_WHAT THIS TASK INVOLVES_
Restate the listing below word for word; no pictures belong in the copy.

_EXERCISE DATA_
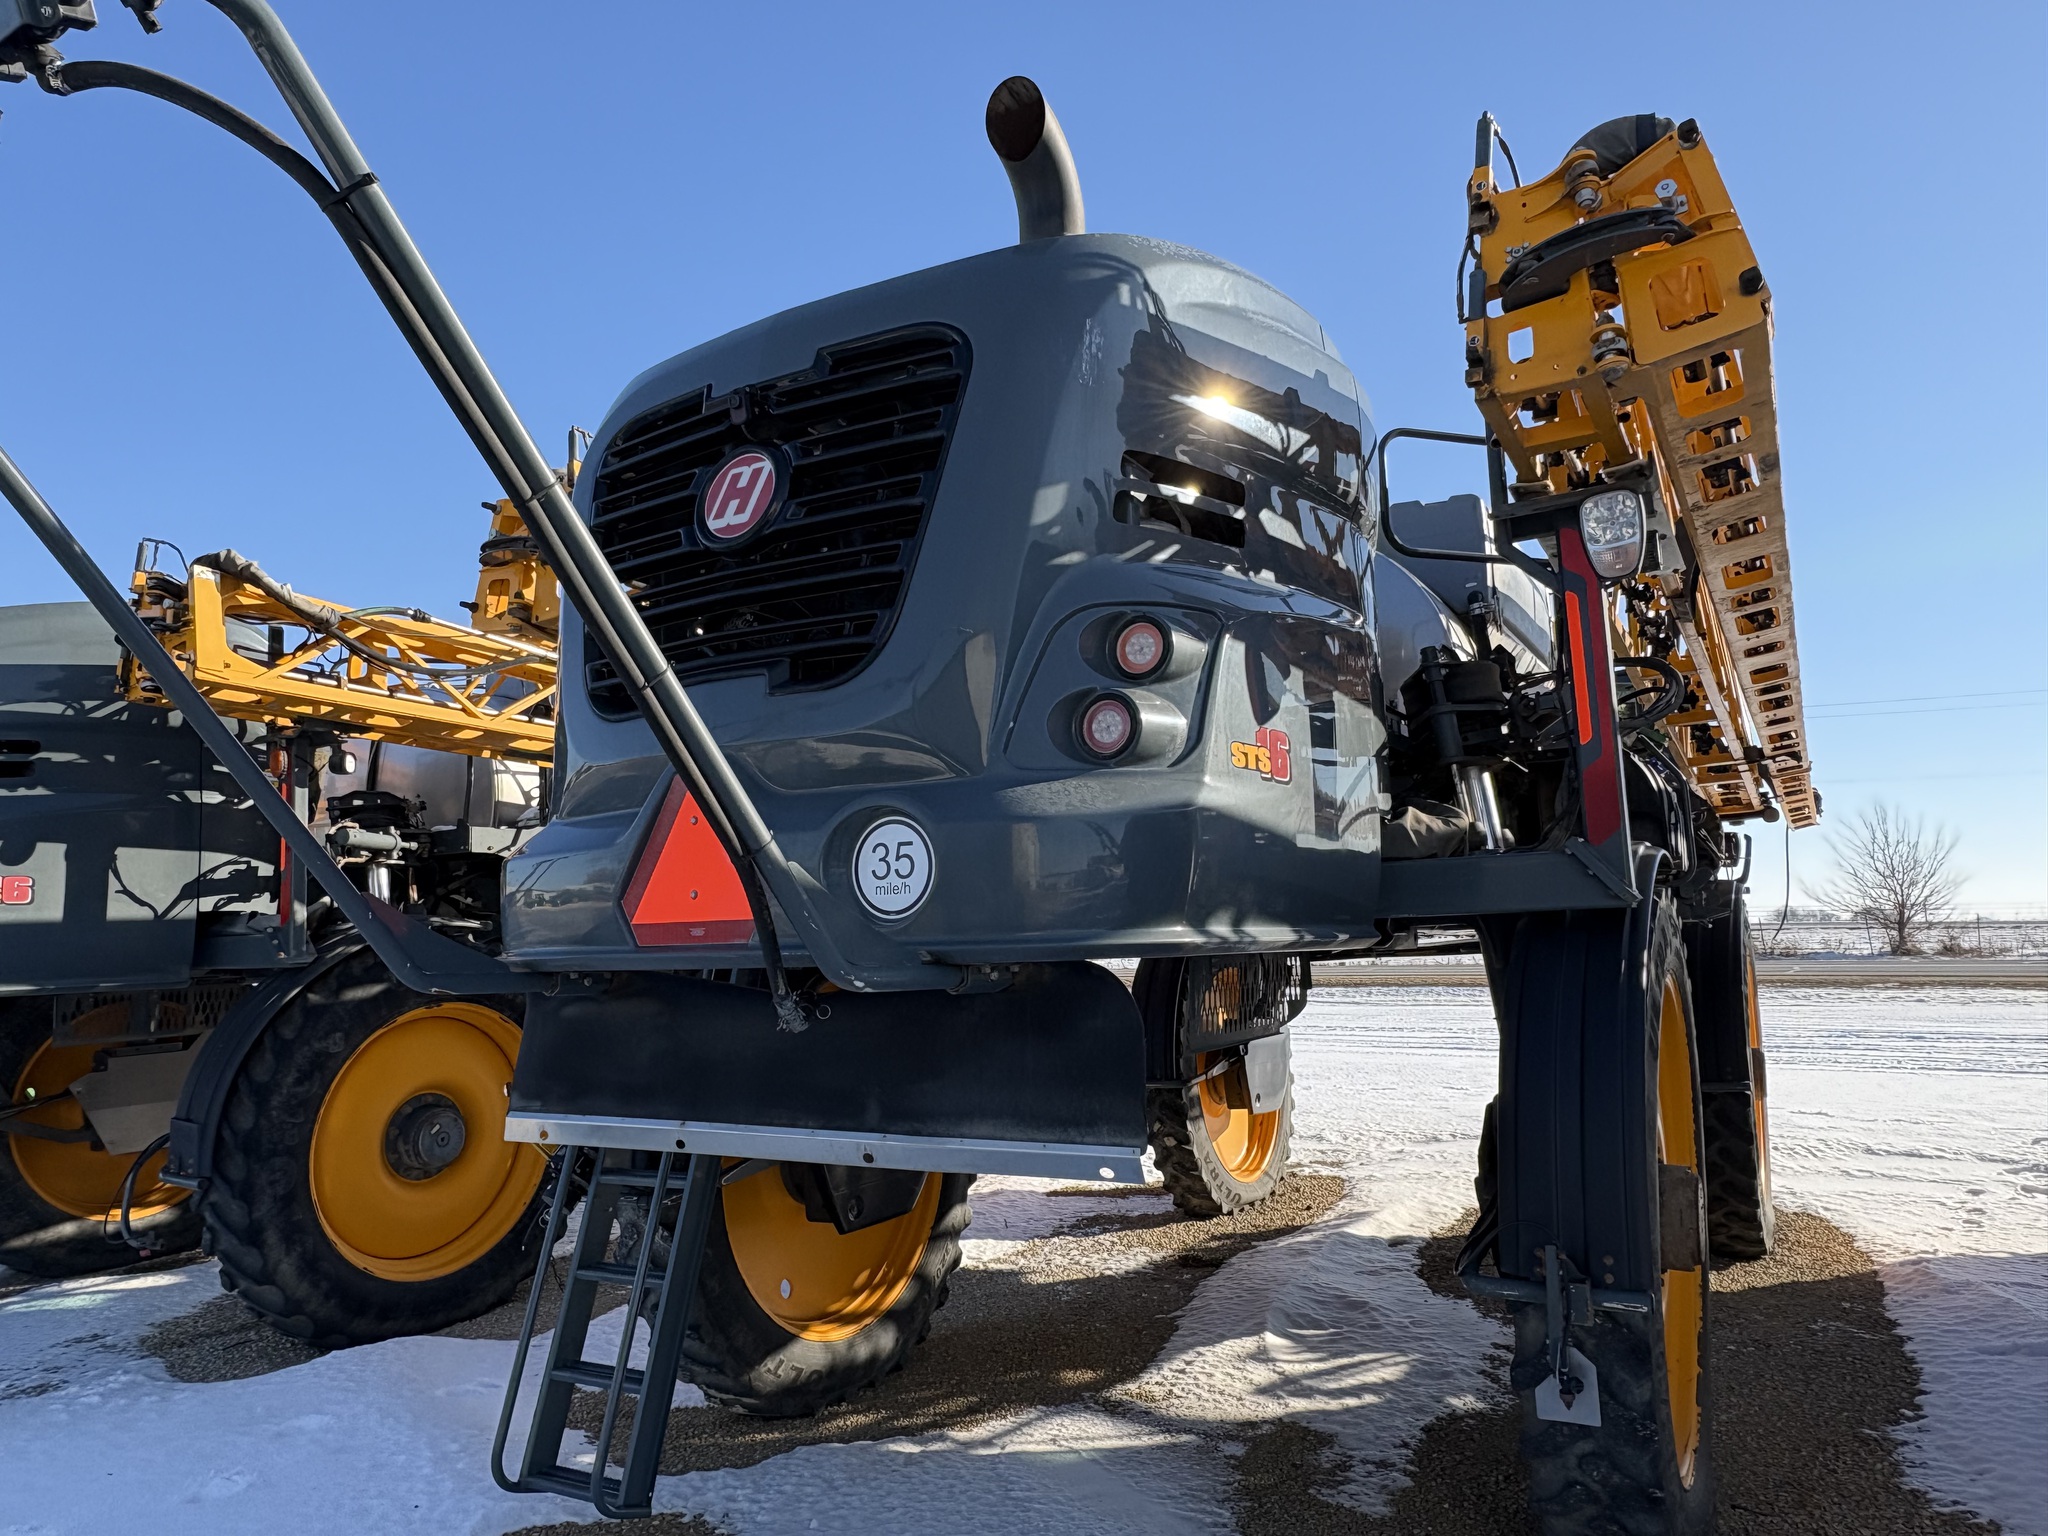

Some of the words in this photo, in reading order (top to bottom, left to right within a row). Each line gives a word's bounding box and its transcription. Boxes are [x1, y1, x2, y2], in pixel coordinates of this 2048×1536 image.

[1230, 740, 1272, 773] STS
[871, 840, 916, 881] 35
[875, 881, 911, 896] mile/h
[1203, 1150, 1243, 1206] ULTRA

_TASK OUTPUT_
Some of the words in this photo, in reading order (top to bottom, left to right within a row). Each line gives a word's bounding box and its transcription. Boxes are [x1, y1, x2, y2], in pixel coordinates of this 2048×1536 image.

[1230, 740, 1272, 773] STS
[871, 840, 916, 881] 35
[875, 881, 911, 896] mile/h
[1203, 1150, 1243, 1206] ULTRA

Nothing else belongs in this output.